The War on Drugs is Unwinnable
Cocaine grows wild in South America, and has been cultivated for the stimulating properties of its (highly nutritious, by leaf standards) leaves for centuries.
A comparison of coca with other major food sources has shown that it is an excellent source of vitamins B1, B2, C and E, and in particular of mineral elements such as calcium, potassium and phosphorus.
It’s also excellent for warding off altitude sickness, and so coca cultivation is allowed in Bolivia, where Yields of 1.3-5 tonnes of Sun-dried leaves per hectare are common and prices on the illicit market (Peru, 2003) are around $2.50 per kg.

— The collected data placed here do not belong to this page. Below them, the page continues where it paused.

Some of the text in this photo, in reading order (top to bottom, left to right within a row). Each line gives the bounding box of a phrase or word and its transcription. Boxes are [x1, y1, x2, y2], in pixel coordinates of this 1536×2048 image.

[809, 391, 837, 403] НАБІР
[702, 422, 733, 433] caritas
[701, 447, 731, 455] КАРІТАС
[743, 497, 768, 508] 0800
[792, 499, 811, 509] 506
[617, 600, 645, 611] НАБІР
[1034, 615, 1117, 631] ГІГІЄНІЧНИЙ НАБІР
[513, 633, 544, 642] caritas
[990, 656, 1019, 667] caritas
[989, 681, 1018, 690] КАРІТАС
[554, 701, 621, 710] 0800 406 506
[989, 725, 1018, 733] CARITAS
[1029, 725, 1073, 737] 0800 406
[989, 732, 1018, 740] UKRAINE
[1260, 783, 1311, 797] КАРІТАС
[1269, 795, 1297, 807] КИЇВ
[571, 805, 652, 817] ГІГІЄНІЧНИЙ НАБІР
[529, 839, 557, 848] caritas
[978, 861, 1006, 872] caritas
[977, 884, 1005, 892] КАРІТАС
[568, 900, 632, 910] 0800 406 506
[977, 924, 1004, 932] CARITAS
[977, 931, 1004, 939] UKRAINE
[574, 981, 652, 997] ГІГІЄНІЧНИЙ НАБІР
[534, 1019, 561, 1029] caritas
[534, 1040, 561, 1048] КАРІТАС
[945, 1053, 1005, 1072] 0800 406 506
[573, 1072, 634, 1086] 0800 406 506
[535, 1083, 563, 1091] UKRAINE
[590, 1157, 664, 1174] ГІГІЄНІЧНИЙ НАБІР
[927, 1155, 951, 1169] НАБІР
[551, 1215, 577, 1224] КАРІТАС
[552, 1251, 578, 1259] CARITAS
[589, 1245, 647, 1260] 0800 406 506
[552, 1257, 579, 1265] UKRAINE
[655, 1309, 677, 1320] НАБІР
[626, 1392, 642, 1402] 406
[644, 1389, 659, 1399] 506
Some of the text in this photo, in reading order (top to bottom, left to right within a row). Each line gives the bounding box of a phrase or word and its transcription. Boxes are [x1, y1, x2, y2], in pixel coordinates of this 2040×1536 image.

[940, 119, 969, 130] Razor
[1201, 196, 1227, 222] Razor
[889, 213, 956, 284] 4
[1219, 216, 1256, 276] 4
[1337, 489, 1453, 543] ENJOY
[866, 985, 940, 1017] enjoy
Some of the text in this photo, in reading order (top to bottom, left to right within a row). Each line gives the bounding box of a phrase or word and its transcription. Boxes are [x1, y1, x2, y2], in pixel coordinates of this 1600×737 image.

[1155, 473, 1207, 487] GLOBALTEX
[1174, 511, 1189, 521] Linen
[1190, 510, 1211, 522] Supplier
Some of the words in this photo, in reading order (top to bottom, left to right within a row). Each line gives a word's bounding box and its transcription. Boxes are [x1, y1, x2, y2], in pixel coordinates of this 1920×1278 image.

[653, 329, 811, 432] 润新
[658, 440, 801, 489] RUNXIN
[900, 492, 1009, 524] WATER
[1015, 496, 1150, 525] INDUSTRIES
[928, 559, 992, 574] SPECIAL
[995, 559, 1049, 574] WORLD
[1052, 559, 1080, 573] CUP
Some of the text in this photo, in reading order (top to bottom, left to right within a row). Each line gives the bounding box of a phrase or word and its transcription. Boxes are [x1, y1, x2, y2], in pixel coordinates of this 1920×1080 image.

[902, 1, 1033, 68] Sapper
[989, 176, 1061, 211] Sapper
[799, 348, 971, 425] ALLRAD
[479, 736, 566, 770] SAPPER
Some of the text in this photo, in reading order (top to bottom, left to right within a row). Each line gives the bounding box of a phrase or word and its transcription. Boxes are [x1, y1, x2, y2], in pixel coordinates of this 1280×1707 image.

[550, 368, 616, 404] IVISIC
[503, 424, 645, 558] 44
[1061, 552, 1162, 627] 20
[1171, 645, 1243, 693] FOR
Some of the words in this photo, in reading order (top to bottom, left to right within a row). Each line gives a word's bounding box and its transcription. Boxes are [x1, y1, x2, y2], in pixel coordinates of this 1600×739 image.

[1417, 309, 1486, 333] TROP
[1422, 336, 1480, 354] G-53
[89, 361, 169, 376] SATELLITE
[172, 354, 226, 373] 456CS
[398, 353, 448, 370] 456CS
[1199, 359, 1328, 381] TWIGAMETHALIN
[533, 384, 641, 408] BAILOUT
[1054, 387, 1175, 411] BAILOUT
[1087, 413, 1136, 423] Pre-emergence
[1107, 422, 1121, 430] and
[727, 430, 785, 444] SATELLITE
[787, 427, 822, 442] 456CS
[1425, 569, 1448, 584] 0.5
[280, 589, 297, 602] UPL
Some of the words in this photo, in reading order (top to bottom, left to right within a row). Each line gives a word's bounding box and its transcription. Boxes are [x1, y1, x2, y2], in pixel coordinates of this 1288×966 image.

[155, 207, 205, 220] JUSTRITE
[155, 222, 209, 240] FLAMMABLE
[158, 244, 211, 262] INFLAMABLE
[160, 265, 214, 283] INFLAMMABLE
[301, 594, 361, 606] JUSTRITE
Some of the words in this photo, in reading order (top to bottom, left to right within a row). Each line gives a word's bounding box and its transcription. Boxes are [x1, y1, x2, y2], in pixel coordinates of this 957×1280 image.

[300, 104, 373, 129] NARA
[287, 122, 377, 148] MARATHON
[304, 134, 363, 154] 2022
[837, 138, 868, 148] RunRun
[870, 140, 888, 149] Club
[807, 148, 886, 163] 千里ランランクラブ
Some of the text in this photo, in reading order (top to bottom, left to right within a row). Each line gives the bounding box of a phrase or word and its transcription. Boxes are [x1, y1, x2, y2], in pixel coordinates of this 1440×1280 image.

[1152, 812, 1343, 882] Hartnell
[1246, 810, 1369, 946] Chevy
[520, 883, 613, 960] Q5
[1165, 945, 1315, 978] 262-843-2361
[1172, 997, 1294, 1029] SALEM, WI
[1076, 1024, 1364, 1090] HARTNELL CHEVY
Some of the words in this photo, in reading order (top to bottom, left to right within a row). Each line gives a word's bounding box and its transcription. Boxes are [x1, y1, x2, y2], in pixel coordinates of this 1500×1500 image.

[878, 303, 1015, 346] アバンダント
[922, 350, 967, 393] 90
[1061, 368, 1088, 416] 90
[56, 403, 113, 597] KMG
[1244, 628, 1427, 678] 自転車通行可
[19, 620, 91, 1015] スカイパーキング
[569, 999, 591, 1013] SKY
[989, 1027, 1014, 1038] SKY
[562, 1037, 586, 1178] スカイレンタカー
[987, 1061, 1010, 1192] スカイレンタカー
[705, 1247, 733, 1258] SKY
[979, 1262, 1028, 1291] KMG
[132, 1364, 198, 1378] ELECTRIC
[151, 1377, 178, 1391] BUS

So, coca can be bought for a few dollars a bushel, and one kilo of sun-dried leaf yields between 2.5g and 4.5g of pure cocaine hydrochloride. The costs of the sodium carbonate (or cement powder) sulphuric acid, petrol and caustic soda used in the production process are negligible amounting to a few dollars. It is unlikely to be $200 to buy and process 50kg of leaves, if you’re doing it in bulk.
50kg of coca leaf will yield 125g of pure cocaine hydrochloride. On the street in Europe, where street purity would be around 10-30% (assuming 25% to keep the maths simple) and the drug retails for £40-50 (assume $72) a gram, your 50kg of leaf and chemicals bought for $200 generating $36,000 (£22,500) of retail sales. The input costs are negligible, and the difference is profit shared entirely by an illegal supply-chain. Narco-lords, mules, warehousers and distributors and street dealers. The majority of the risk is run by the street dealers, mules (or more accurately, those who direct and orgainse them) and narco-lords so this is where I expect the majority of profits to flow.
With such an economic pull, is it any wonder people do things like this?
Spanish authorities have arrested a Panamanian woman who arrived at Barcelona airport with 1.38kg of cocaine concealed in her breast implants.
That’s 1,380g of cocaine worth (on the calculations above) nearly $100,000. Even if the mule captures just 20% of this, and this is probably an underestimate: getting the drug from Bolivia to a European city is the difficult bit; it is simply impossible to prevent a resource from rolling down so steep an economic slope.
The only sane response: just legalise it, and take that mark-up as better wages for Andean farmers and generate a lot of tax. More money for Government coffers, while generating many fewer bodies as it would be companies competing over taxable profits, not criminal gangs fighting for untaxed ones. Finally Governments such as the US would not need to spend the $7bn on fighting the drug war. To put this in perspective, the US spends just the gross profits from 2,800 hectares of Coca, or about 10% of the Bolivian crop alone.
We cannot stop the flow of cocaine from South America any more than Canute could order the tide to retreat. The laws of economics are stronger than the UN Convention on the illegal trade in narcotic drugs and psychotropic substances, 1988.